このボタンでクレーンを動かし、中の景品を拾い上げます。

こちらの取り出し口まで運んで落とせば、そのままグッズをゲットする事ができるのです」


 私が中を指さしながら説明すると、お客さんたちが目を輝かせる。


「つまり、上手くやれば一ベルでグッズを買えるって事か」

「プレイヤーの腕次第ってことね。腕が鳴るわ!」


 早速とばかりに、私と同い年くらいの少女がコインを入れる。


 マルデアの一般客がクレーンに挑むのは、これが初となるだろう。

 みんなも注目する中、彼女はボタンを押してクレーンを動かし始めた。


 まあ、さすがに一回でゲットするのは無理だろう。

 何しろ私がダメだったんだから……。 

 どうでもいい事を考えながら、私は少女のファーストプレイを観察していた。


 しかし、予想は外れるものである。

 驚くべき事に、アームはがっちりとサニックを掴み上げた。

 そして、あっさりと手前まで運んで行く。


「す、すげえ!」

「ほんとに一回で取った!」


 その結果に、お客さんたちもみんな目を丸くしていた。

 取り出し口に落ちてきたヌイグルミを手に取り、少女は大喜びだ。


「やった! ほんとに一ベルで取れた!

ねえ、これほんとにもらっていいの?」

「は、はい。
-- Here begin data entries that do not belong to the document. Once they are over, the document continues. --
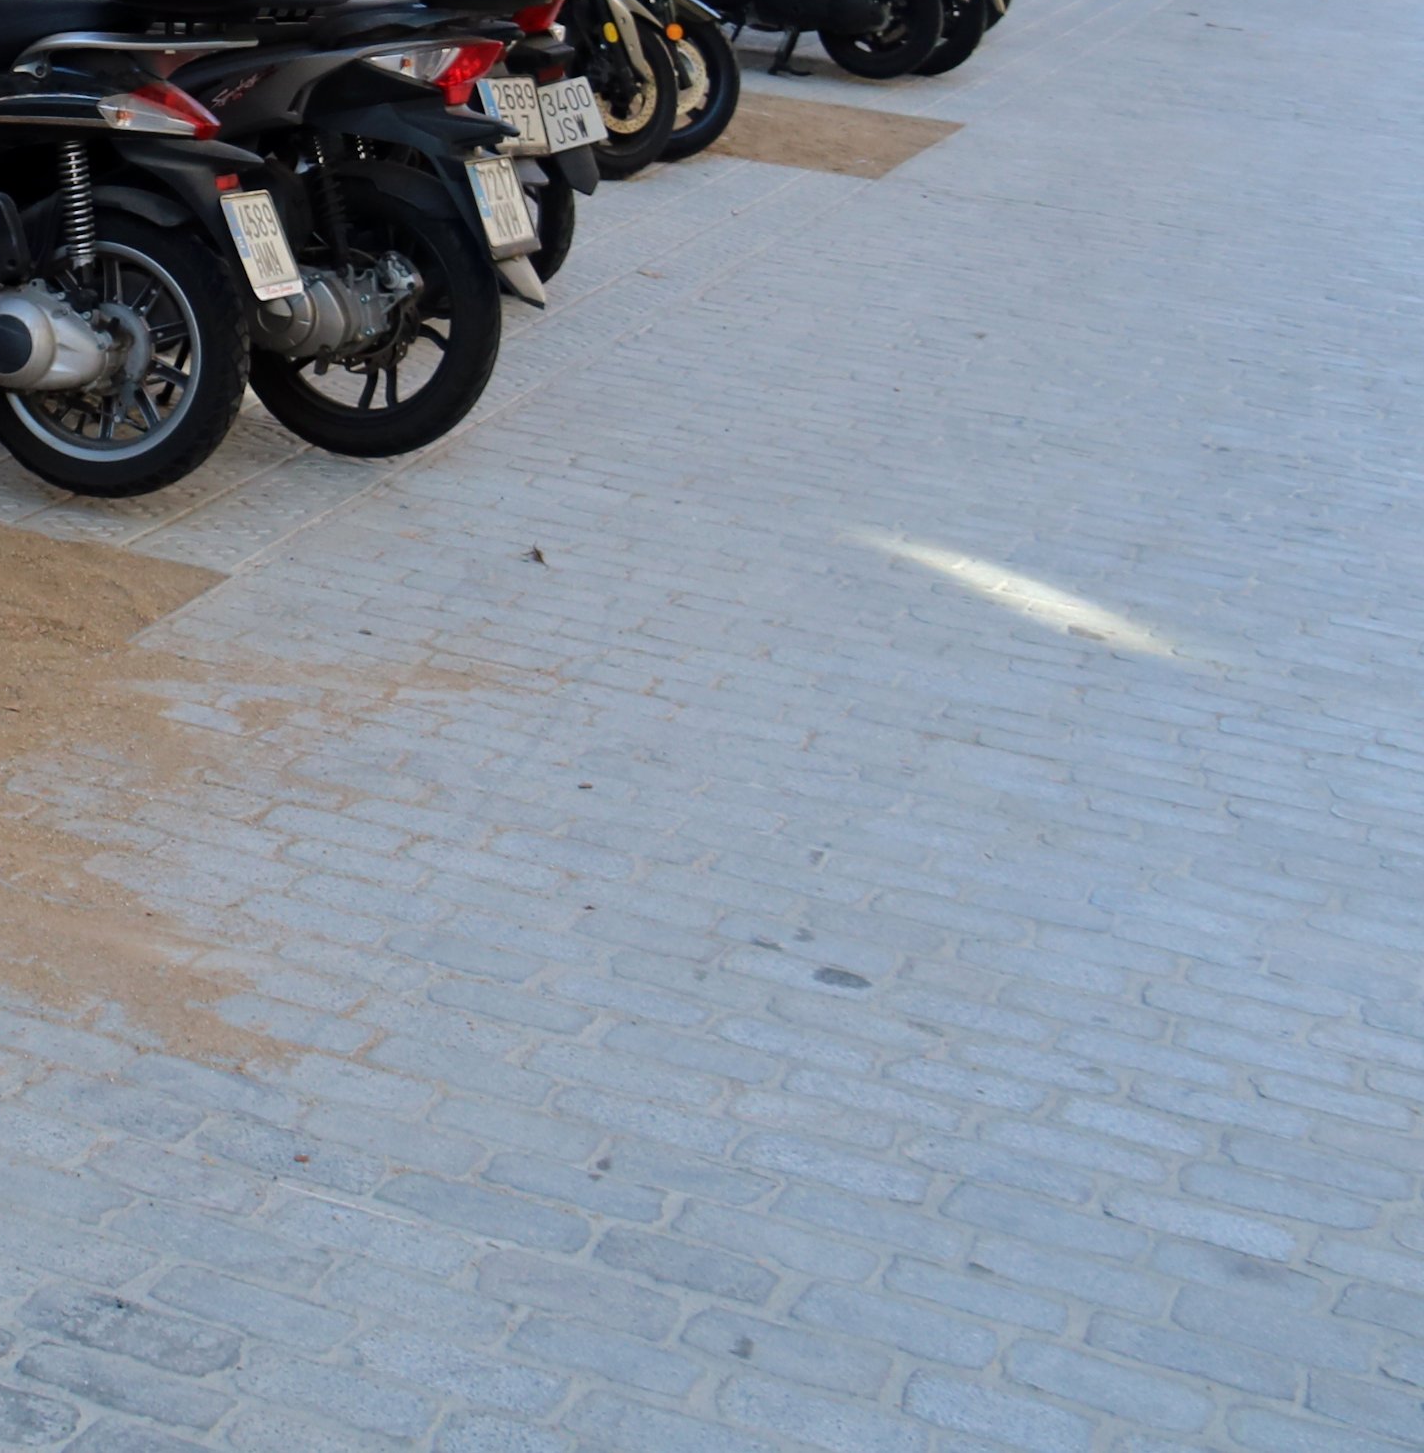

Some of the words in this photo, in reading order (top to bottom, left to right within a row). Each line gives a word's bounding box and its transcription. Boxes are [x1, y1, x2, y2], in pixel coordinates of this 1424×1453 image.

[491, 82, 537, 111] 2689
[540, 83, 592, 118] 3400
[555, 113, 590, 145] JSW
[237, 202, 279, 239] 4589
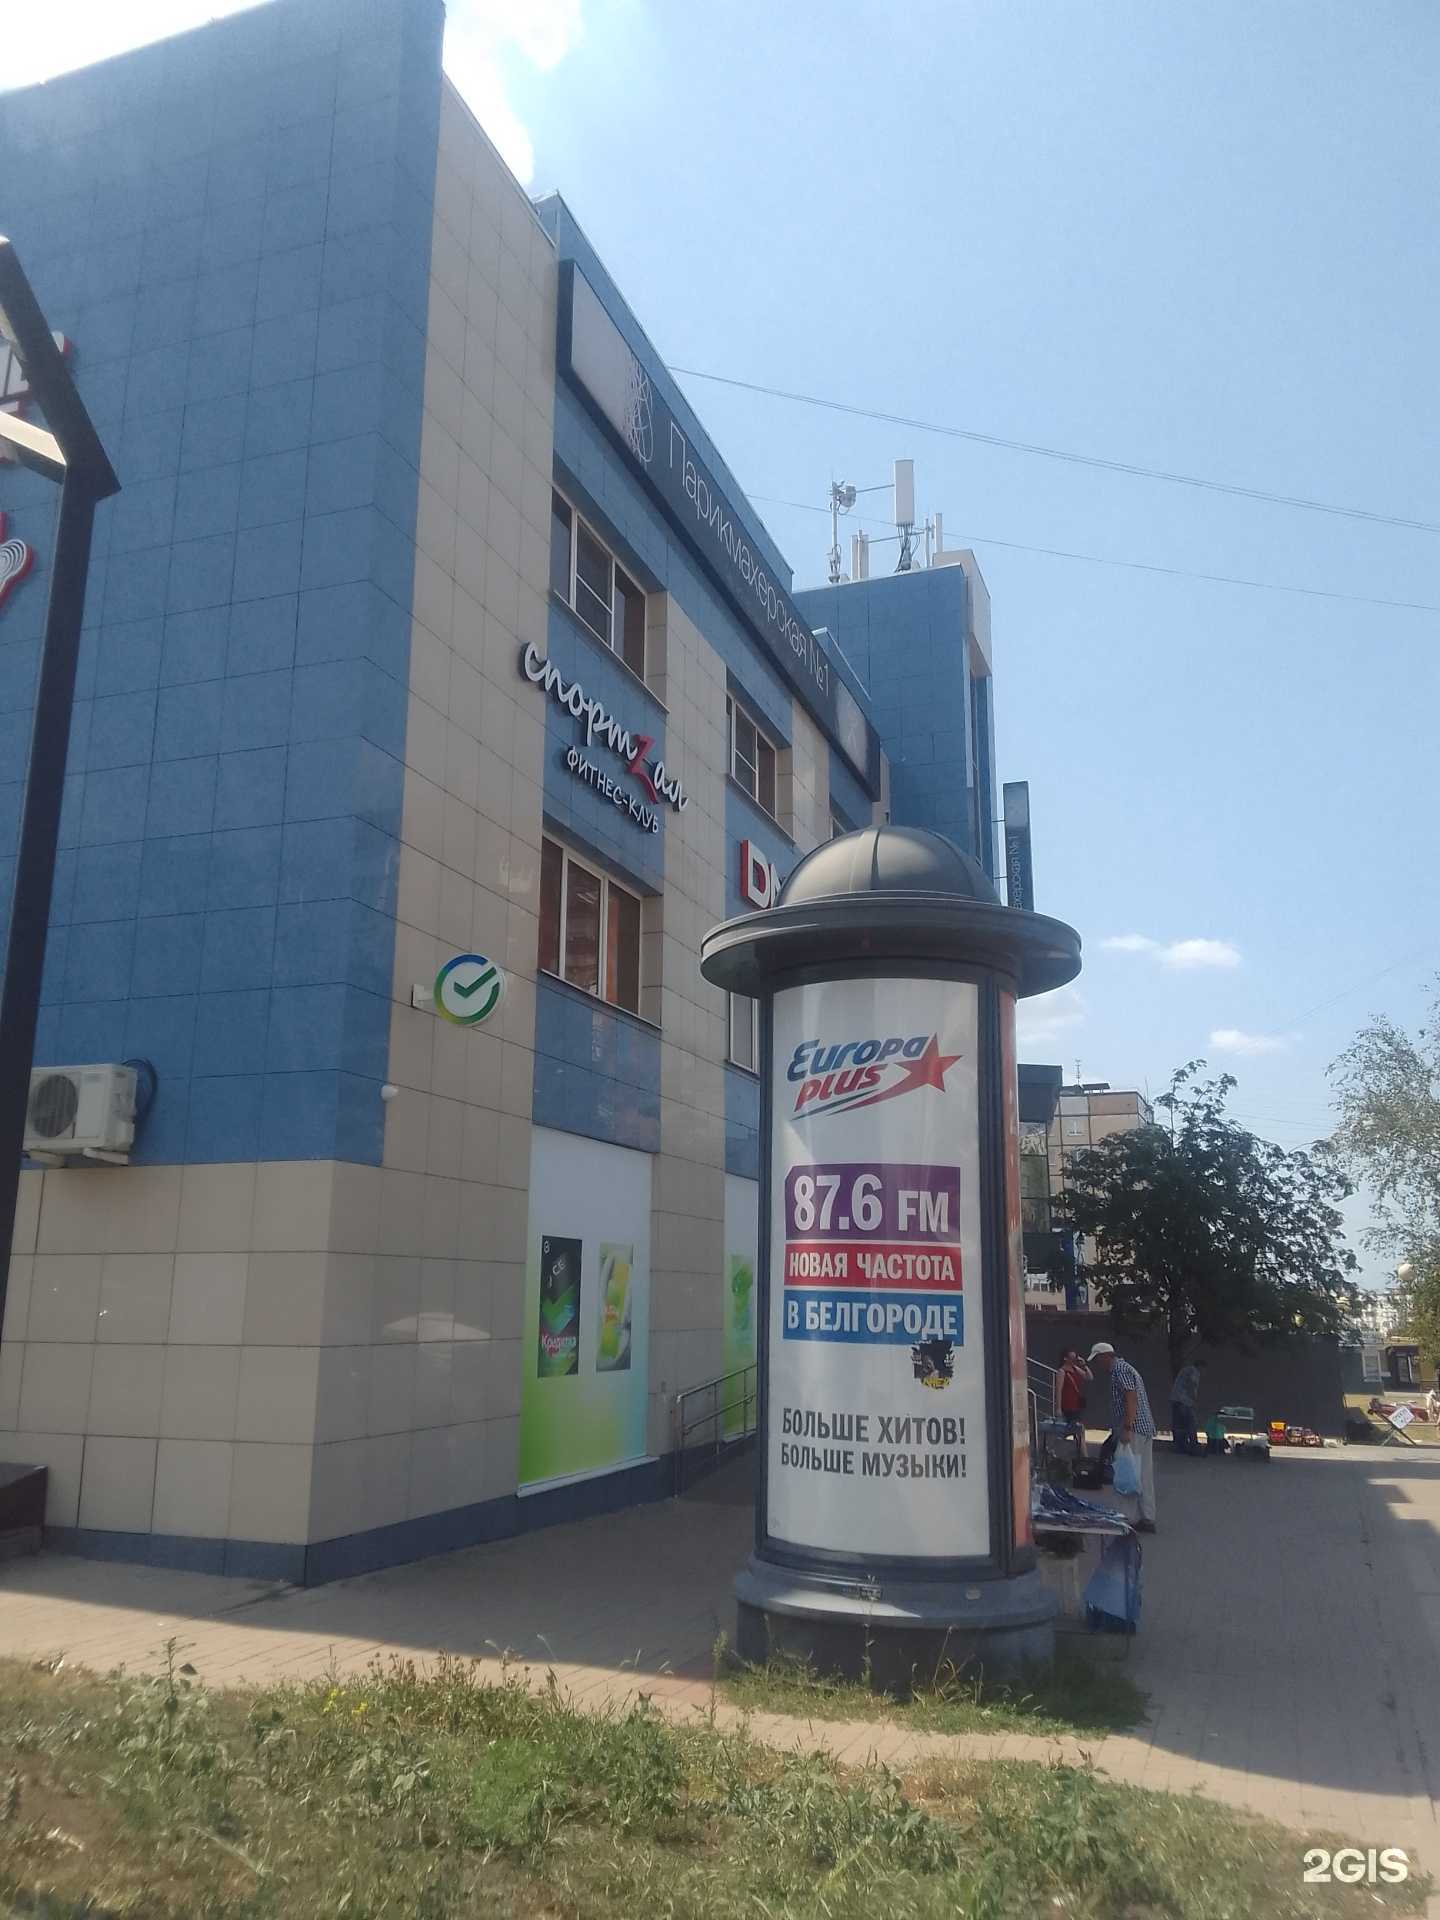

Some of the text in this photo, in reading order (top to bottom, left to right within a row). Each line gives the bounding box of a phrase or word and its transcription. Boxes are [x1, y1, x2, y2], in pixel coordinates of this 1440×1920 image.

[669, 420, 829, 696] Парикмахерская №1
[567, 746, 660, 834] ФИТНЕС-КЛУБ
[794, 1174, 949, 1233] 87.6 FM
[789, 1252, 956, 1281] НОВАЯ ЧАСТОТА
[787, 1300, 958, 1340] В БЕЛГОРОДЕ
[782, 1408, 966, 1445] БОЛЬШЕ ХИТОВ!
[781, 1442, 967, 1479] БОЛЬШЕ МУЗЫКИ!
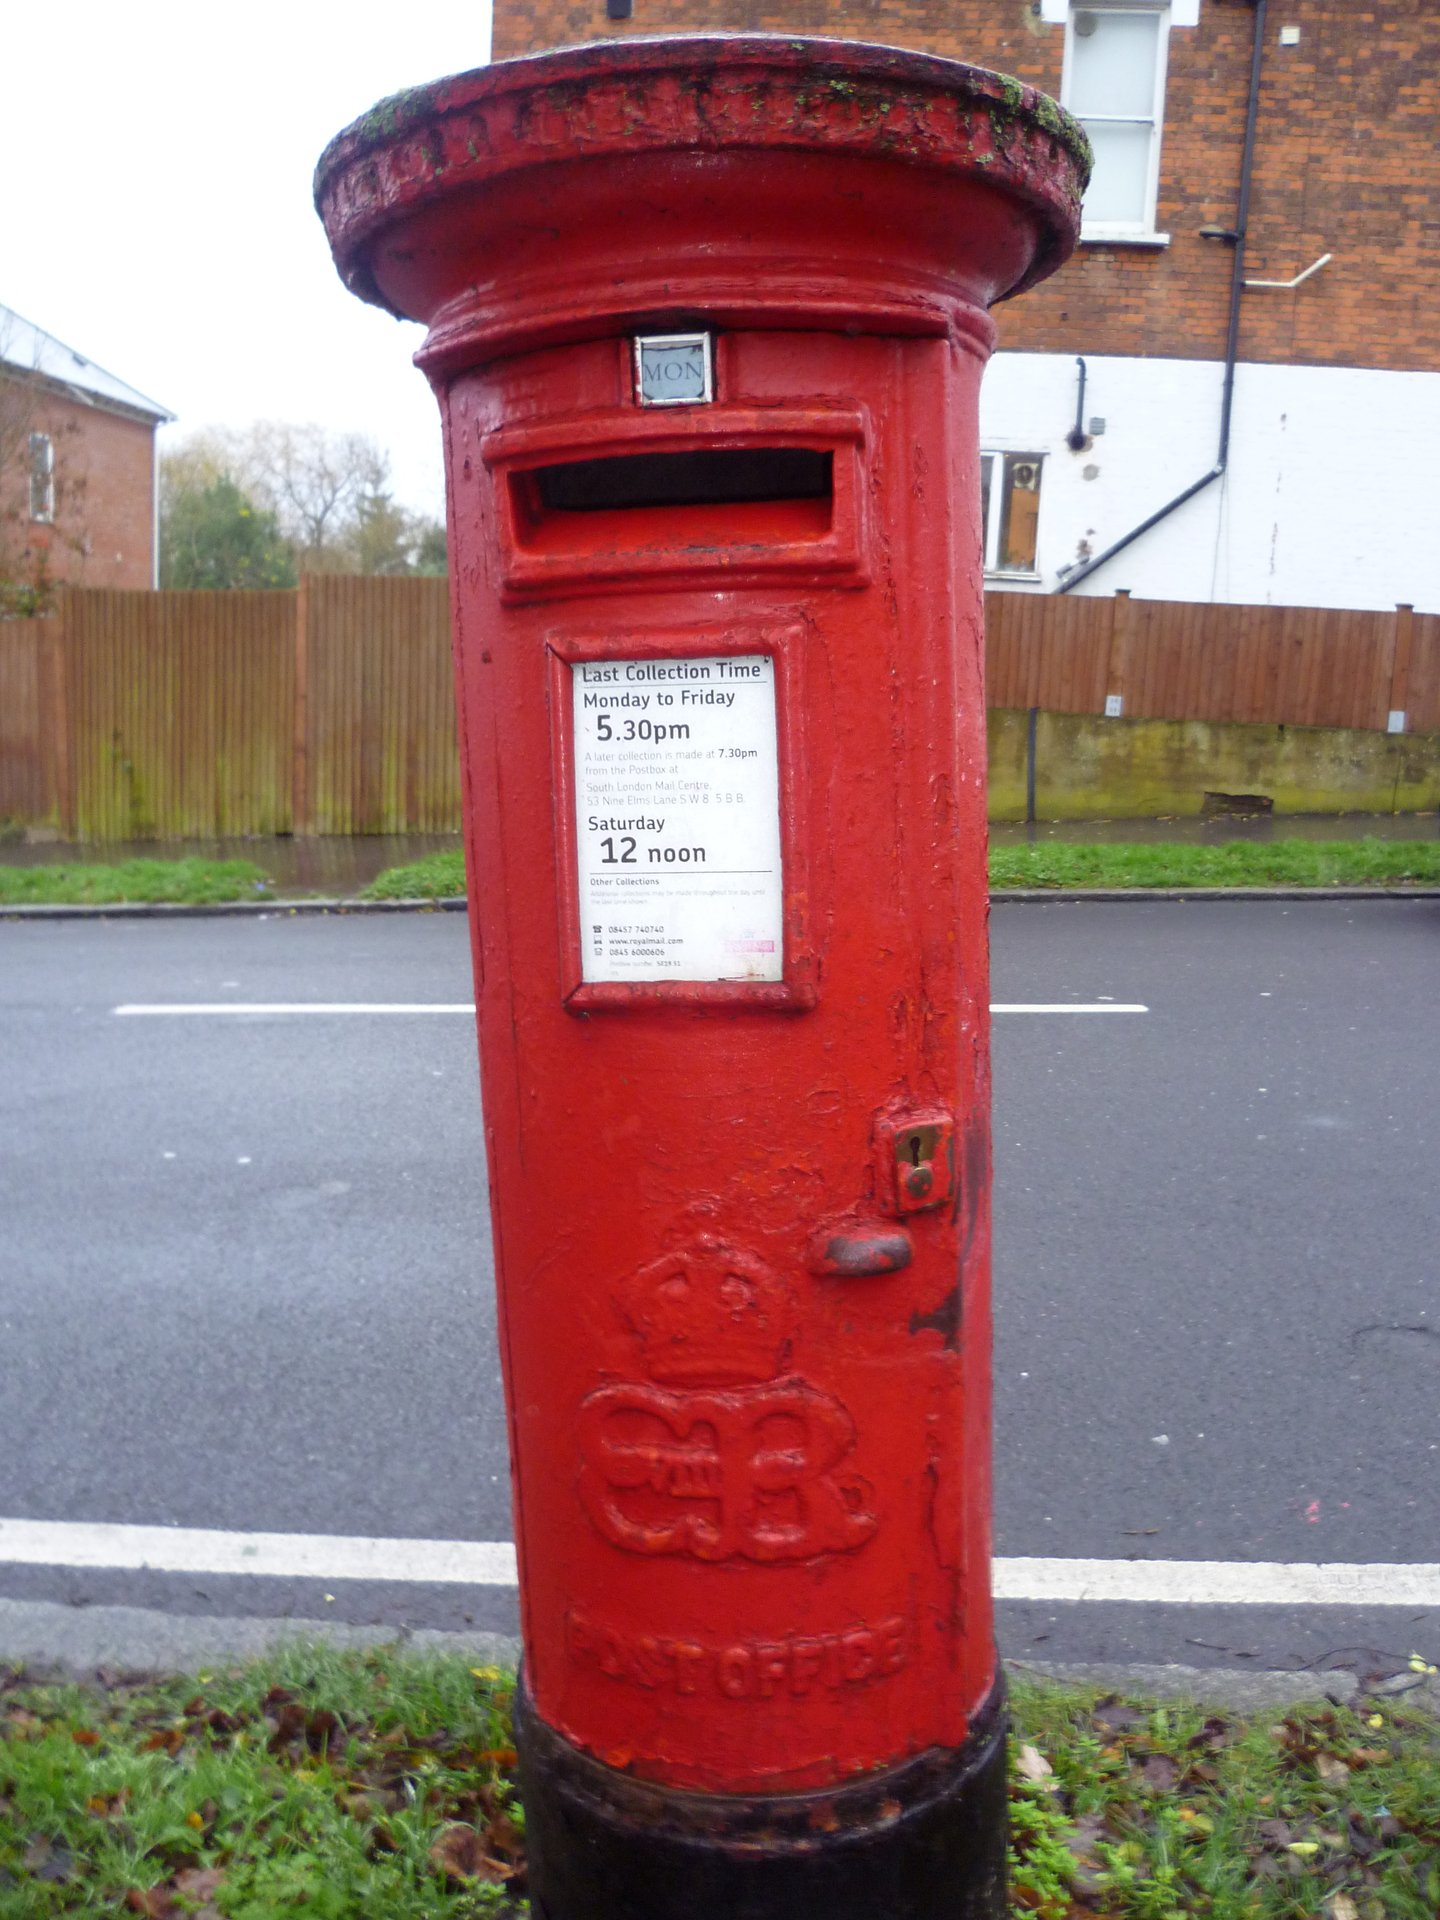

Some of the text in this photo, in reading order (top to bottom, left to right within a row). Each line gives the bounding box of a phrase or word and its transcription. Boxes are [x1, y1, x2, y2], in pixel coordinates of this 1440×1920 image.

おめでとうございます」


 私は呆然としながら頷く他ない。

 何しろちゃんとクレーンで取ったんだから、それはもう彼女のものだ。

 魔法も使っていないし、ズルもない。


 少女は大喜びで、青いネズミを頬ずりしていた。


「うーむ。楽しそうなのはいいが、採算は取れるんでしょうかな」


 さすがに担当者が心配そうな顔をする。

 一ベルで取られたら、景品の仕入れ値がペイできないからね。


「だ、大丈夫だと思います……」


 まあ、ビギナーズラックという事もある。

 私たちはしばらく、遊ぶプレイヤーたちを見守る事にした。


 幸いというか、次に挑戦した男性はスタ2グッズを取るのにかなり苦戦していた。


「うーん、リウが上手く掴めないなあ……」

「お兄ちゃん、へたっぴー」


 最初に一発で取った子と比べられてしまい、男性客は意地になってプレイしていた。

 コインも八枚くらい使っただろうか。


 さすがにちょっと可哀そうなので、中を開けてリウの位置を変えてあげる事にした。


「これで取りやすくなったと思います。やってみて下さい」

「あ、ありがとう」


 取り出し口のすぐ傍に置かれたリウは、アームが触れただけですぐ落ちてきた。


「取り方がダサいよなー」

「店員さんに手伝ってもらってるじゃん」


 だが、後ろで見ていた子どもたちの目は厳しいようだ。


「うるさいぞお前ら。そんなに言うなら自分で取ってみろよ」


 リウを抱きしめながら男性が反論すると、今度は子どもたちがコインを使って遊び始める。


「もうちょい右……。あ、行き過ぎ!」

「しょうがない、あの奥にあるヤッスィー狙おう」


 少年たちも夢中で景品を狙っているようだ。


 順調に稼働が始まった所で、担当者も安心したらしい。


「これなら、何とかやっていけそうですな」

「ええ。取れすぎても、取れなさ過ぎてもダメですから。

バランスを見てやってください」


 景品が取れすぎると店の採算が取れない。

 取れなさすぎると、客が離れていく。


 お客さんが楽しくプレイできて、なおかつ店が潤う。

 そのバランスを探すのが、最初のステップだ。


 クレーンゲームは、各店舗がそれぞれの環境で運営していくもの。


 担当者もお客さんの様子を見ながら、時に助け舟を出したり。

 状況に対応しながら、その扱いを学び始めていた。


 そのせいか、担当者はクレーンだけでいっぱいいっぱいという感じだ。

 他の筐体の稼働は、また今度という事になった。


 対戦ゲームに協力ゲーム、アミューズメント。


 まだ小さいけど、少しずつゲームコーナーらしくなってきたよね。

 私は担当者に挨拶して、賑やかなフロアを後にした。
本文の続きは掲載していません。